The human perceptual system has the ability to combine various
sensory cues in an efficient manner in order to perceive physically
plausible virtual content in real-world space. For example, the
human perceptual system has the ability to integrate, among other
things, sensory cues such as one or more of luminance, depth,
and/or shape information to form or perceive coherent virtual
content in the real-world. As a result, the properties of the human
perception may be exploited through visual systems employing
hardware and/or software architectures to form virtual content that
may be perceived to be located in real-world space by virtue of the
principles of the depth sensitive modules of the human brain. The
views of virtual content, in addition to the views of the
real-world within a user's field-of-view, may define the augmented
reality environment.
In some general aspects, an augmented reality display system
incorporates transparent optics that have the capability of
relaying projected images to the viewer while allowing the viewer
also to see his or her real world environment. These systems create
a virtual 3-D space based on, for example, input translated from
real-world 3-D point data observed by one or more sensors sensor of
the display system to overlay the virtual 3-D space over the mapped
real world environment of the viewer.
In some implementations, simulated manipulation of virtual content
in an augmented reality environment may be based on user input
and/or other input. For example, user input may comprise
gesture-based input and/or other input. In some implementations,
gesture-based input is based on tracking of one or more human
features of a user. For example, gesture-based input may be based
on tracking one or more of a hand, an arm, a torso, and/or other
features of a user. By tracking one or more hands of a user,
gestures including one or more of reaching, grabbing, releasing,
touching, swiping, pointing, poking and/or other gestures may be
identified. The identified gestures may be provided as input for
simulating manipulation of virtual content within a user's
field-of-view. For example, an identified gesture may be correlated
to a perceived position of a virtual element within a user's
field-of-view. The virtual element may be configured to react to
the gesture in an interactive manner. In another implementation, a
discrete gesture may be used. For example, a set of specific
discrete hand positions may be used to tell the system to place all
tethered 3D objects to the 3-D space. Or when a virtual element is
in focus (through the use of gaze of some other selection process)
a recognized discrete gesture could trigger the manipulation of the
active virtual element. One example, of a discrete gesture may be
the user's hand palm facing the virtual element, fingers in a ball
except for the index finger pointing up.
In another example, user input associated may be determined when at
least one sensor of the display system determines that the
translated position of a real-world object, such as a hand or
finger, into the 3-D virtual space enters an interactive boundary
of a virtual element.
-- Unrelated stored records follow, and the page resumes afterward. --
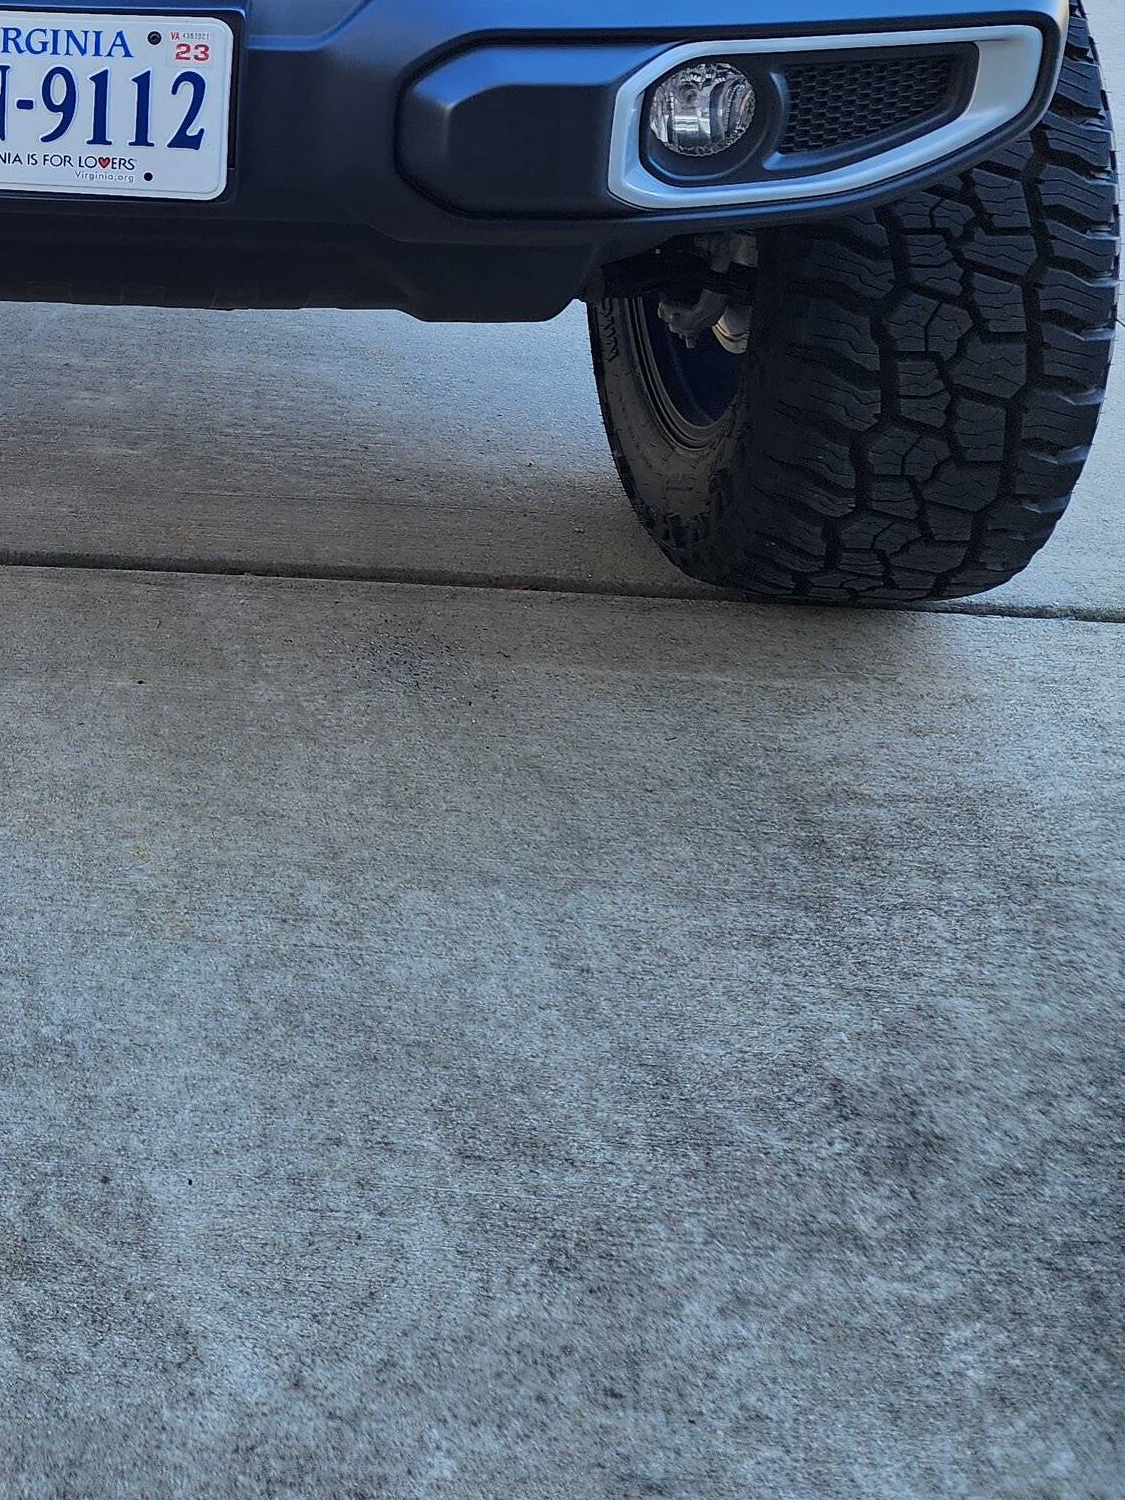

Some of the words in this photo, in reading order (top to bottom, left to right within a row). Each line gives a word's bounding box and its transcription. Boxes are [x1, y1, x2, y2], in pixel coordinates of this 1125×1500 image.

[170, 32, 180, 40] VA
[175, 43, 210, 61] 23
[27, 153, 39, 166] IS
[43, 154, 74, 168] FOR
[75, 170, 135, 183] Virginia.org
In this example, the display system
determines the force exerted on the virtual element by the
translated real-world object according to a certain parameters
associated with the interactive boundary of the virtual element.
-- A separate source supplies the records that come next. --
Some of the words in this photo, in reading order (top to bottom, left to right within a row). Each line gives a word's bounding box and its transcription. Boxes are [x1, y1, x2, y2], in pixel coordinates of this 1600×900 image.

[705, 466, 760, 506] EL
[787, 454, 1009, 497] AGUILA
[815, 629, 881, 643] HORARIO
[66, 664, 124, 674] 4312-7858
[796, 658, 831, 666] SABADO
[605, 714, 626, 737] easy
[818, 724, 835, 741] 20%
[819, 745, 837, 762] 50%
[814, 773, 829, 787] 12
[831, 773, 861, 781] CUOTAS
The virtual element responds to the exerted force based on the
properties assigned to the virtual element and based on the
properties of the virtual environment in which the virtual element
and translated real-world object are present.
In some embodiments, virtual content may consist of one or more
virtual elements. In one example, a virtual element may be any
shape rendered as a digital image by at least one light source of
the display, such as a display, a projector or other imaging
component capable of generating a visible image of the shape within
a virtual 3-D space. Each virtual element may have associated
content and a number of assigned parameters to model the properties
of the virtual element within a virtual 3-D interactive space. The
parameters are processed to determine the behavior of the object in
the virtual 3-D space. In one example, the virtual element is a 3-D
model including at least one file specifying a geometry of the
object. For example, the file may include vertex data, free-form
curve/surface attributes, objects, free-form curve/surface body
statements, connectivity between free-form surfaces, grouping and
display/render attribute information. Examples of objects include
geometric vertices, texture coordinates, vertex normals, and
polygonal faces. In one example, an .OBJ file may be used or other
similar format, such as .STL and .PLY. The file may include or
reference additional elements and/or metadata used by the display
system to create the virtual element in the virtual 3-D space. For
example, additional files or libraries may be referenced to
describe surface shading (i.e., material) properties of objects,
such as .MTL files (called "material libraries"), for example.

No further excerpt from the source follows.